By giving himself up, accused-appellant saved the State the time and trouble of searching for him until arrested.17 Thus, the mitigating circumstance of voluntary surrender should be credited in his favor.

Therefore, accused-appellant is guilty of the crime of Homicide only, penalized under Article 249 of the Revised Penal Code with reclusion temporal. Considering the attendance of the mitigating circumstance of voluntary surrender, the penalty shall be imposed in its minimum period, pursuant to Article 64 (2) of the aforesaid Code. Applying further the Indeterminate Sentence Law, accused-appellant is entitled to a minimum term to be taken within the range of the penalty next lower, i.e., prision mayor. Hence, accused-appellant is sentenced to suffer the indeterminate penalty of six (6) years and one (1) day of prision mayor, as minimum, to twelve (12) years and one (1) day of reclusion temporal, as maximum.

The award of P1,960,000.00 for loss of earning capacity has no basis. The trial court based said award on the bare testimony of Jose Zeta III, the victim’s son. No documentary evidence was presented to support such award.
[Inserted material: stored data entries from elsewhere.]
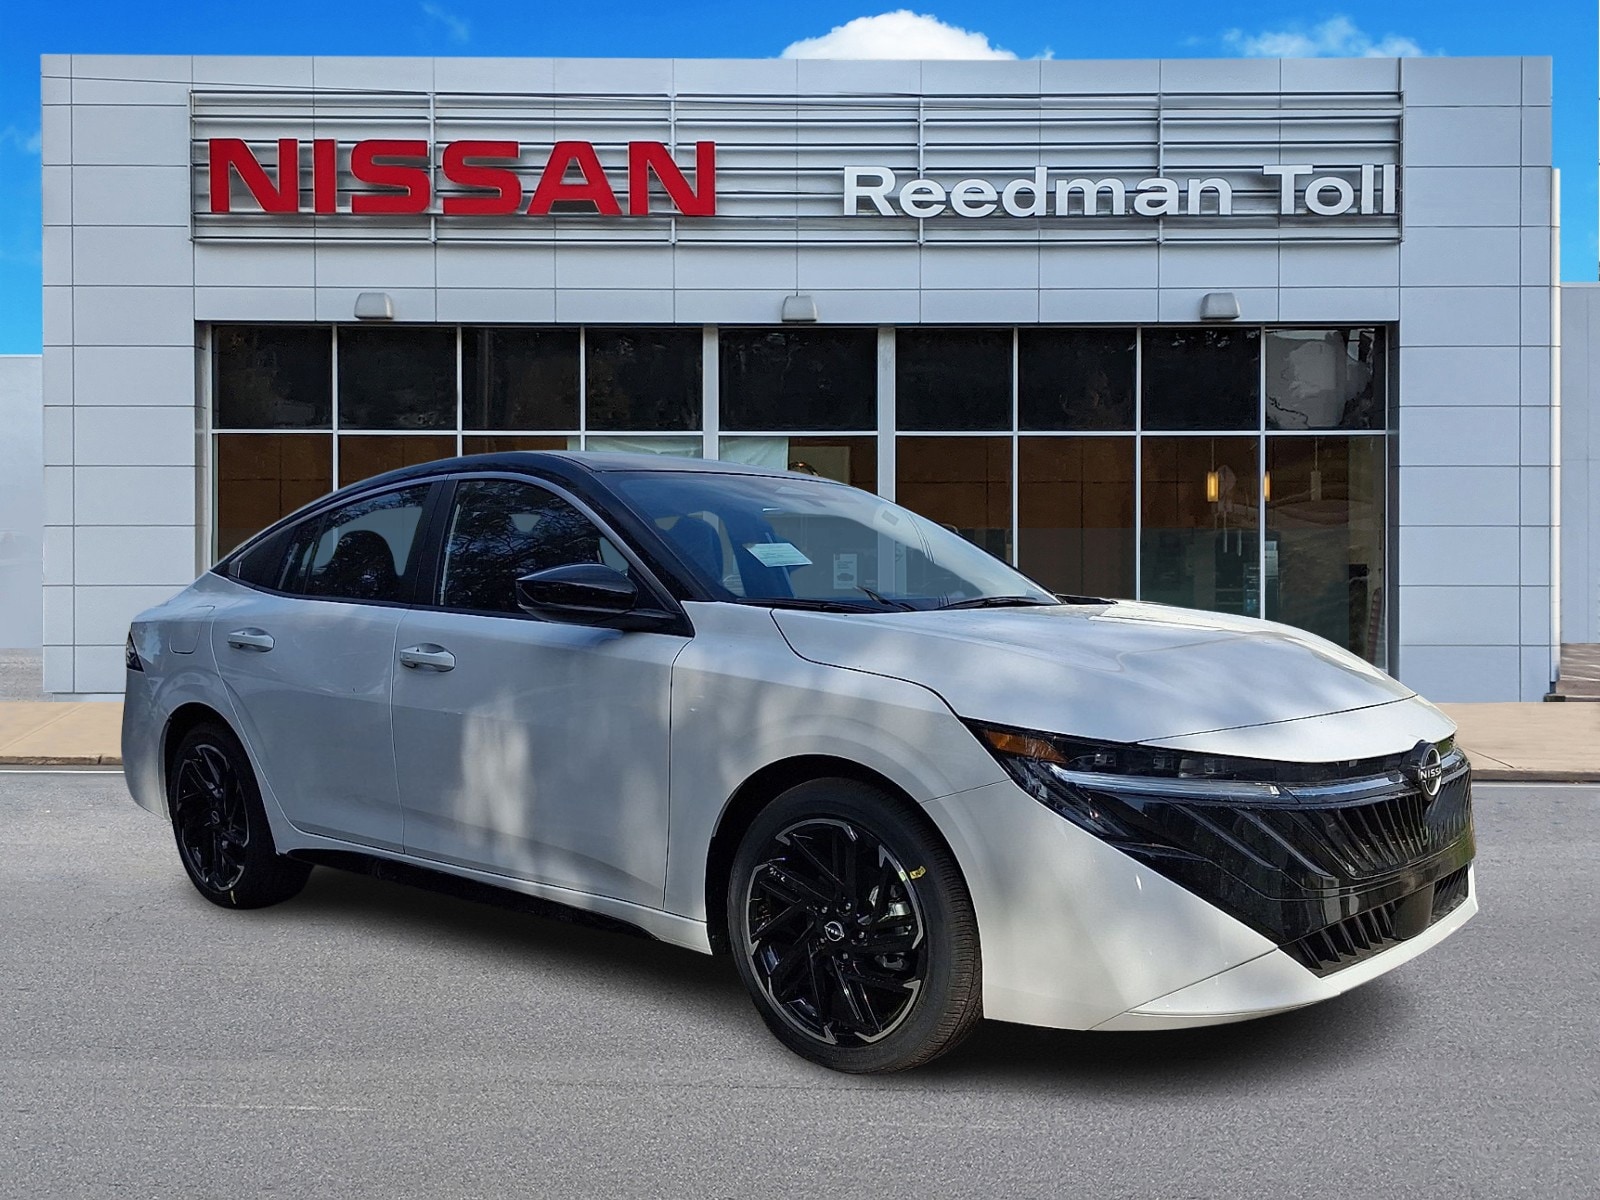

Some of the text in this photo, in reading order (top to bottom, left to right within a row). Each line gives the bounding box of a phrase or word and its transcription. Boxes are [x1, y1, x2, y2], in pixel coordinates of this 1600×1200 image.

[209, 138, 717, 217] NISSAN
[843, 164, 1396, 218] Reedman Toll
[1420, 767, 1442, 780] NISS
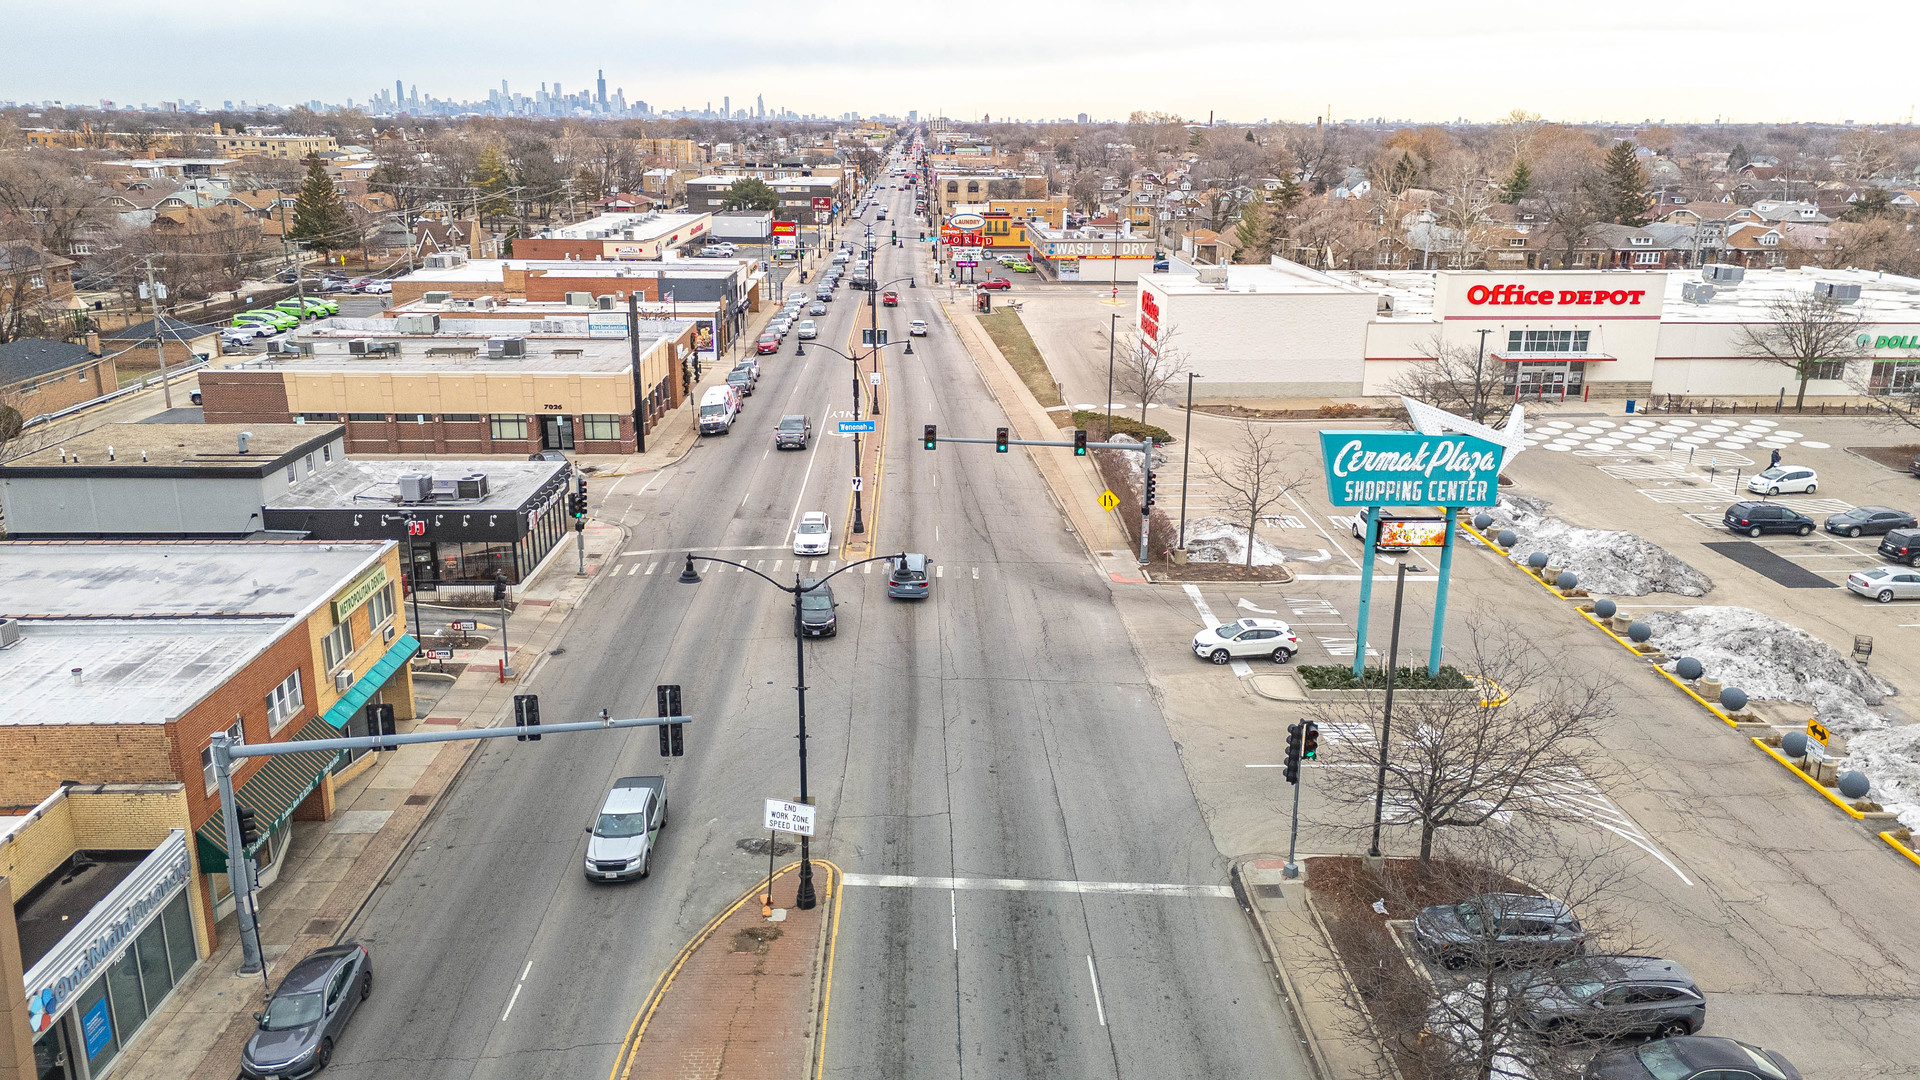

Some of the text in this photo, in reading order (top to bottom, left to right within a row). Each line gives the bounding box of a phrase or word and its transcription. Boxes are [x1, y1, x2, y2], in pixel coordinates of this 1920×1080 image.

[942, 236, 993, 245] WORLD
[1056, 243, 1148, 255] WASH & DRY
[1467, 284, 1646, 305] Office DEPOT
[1875, 335, 1920, 349] DOLL
[1333, 440, 1496, 481] Cermak Plaza
[1344, 480, 1488, 501] SHOPPING CENTER
[340, 570, 385, 615] METROPOLITAN DENTAL
[783, 804, 797, 812] END
[771, 810, 809, 824] WORK ZONE
[769, 820, 810, 832] SPEED LIMIT
[54, 848, 192, 1001] OneMain Financial
Hence, it must be deleted conformably with this Court’s ruling in People v. Panabang:18

Indemnification for loss of earning capacity partakes of the nature of actual damages which must be duly proven. A self-serving statement, being unreliable, is not enough. The father of the victim has testified on the latter’s monthly income of P12,000.00. But for lost income to be recovered, there must likewise be an unbiased proof of the deceased’s average, not just gross, income. An award for lost earning capacity refers to the net income of the deceased, i.e., his total net of expenses.
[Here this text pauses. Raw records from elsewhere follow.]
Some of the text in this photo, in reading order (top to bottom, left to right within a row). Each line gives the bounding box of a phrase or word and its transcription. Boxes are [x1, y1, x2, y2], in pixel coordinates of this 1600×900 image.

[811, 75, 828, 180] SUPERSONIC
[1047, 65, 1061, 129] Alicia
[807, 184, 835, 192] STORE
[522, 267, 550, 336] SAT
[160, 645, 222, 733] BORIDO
On the other hand, in line with prevailing jurisprudence, we affirm the award of P50,000.00 as civil indemnity for the death of the victim. The trial court’s award of P30,000.00 as moral damages should be increased to P50,000.00, in accordance with prevailing jurisprudence. The award for funeral and medical expenses being amply supported by documentary evidence is also sustained.1âwphi1.nêt

WHEREFORE, in view of the foregoing, the decision of the Regional Trial Court of Marikina City, Branch 272, in Criminal Case No. 95-695-MK, is MODIFIED: Accused-appellant is found guilty of the crime of Homicide and is sentenced to suffer the indeterminate penalty of six (6) years and one (1) day of prision mayor, as minimum, to twelve (12) years and one (1) day of reclusion temporal, as maximum. He is further ordered to pay the heirs of the deceased, Jose Zeta, Jr., moral damages in the increased amount of P50,000.00, in addition to civil indemnity in the amount of P50,000.00, funeral expenses in the amount of P14,000.00, and medical expenses in the amount of P770.00, awarded by the trial court. The award of loss of earning capacity in the amount of P1,960,000.00 is DELETED for lack of basis.

SO ORDERED.

Davide, Jr., C.J., Puno, Kapunan, and Austria-Martinez, JJ., concur.


Footnote

1 Decision, Rollo, p. 14.

2 Records, p. 1.

3 People v. Galvez, G.R. No. 130397, January 17, 2002.

4 Ibid.

5 Ibid.

6 Ibid.

7 Decision, Records, p. 331.

8 See Note 5.

9 People v. Salva, G.R. No. 132351, January 10, 2002.

10 People v. Hermosa, G.R. No. 131805, September 7, 2001.

11 People v. Briones Aytalin, G.R. No. 134138, June 21, 2001.

12 TSN, July 16, 1996, p. 5.

13 People v. Lumintigar, G.R. No. 132557, January 15, 2002.

14 People v. Magallanes, 275 SCRA 222 [1997].

15 People v. Embarga, 319 SCRA 304 [1999].

16 People v. Sion, 277 SCRA 127 [1997].

17 Ibid.

18 G.R. Nos. 137514-15, January 16, 2002.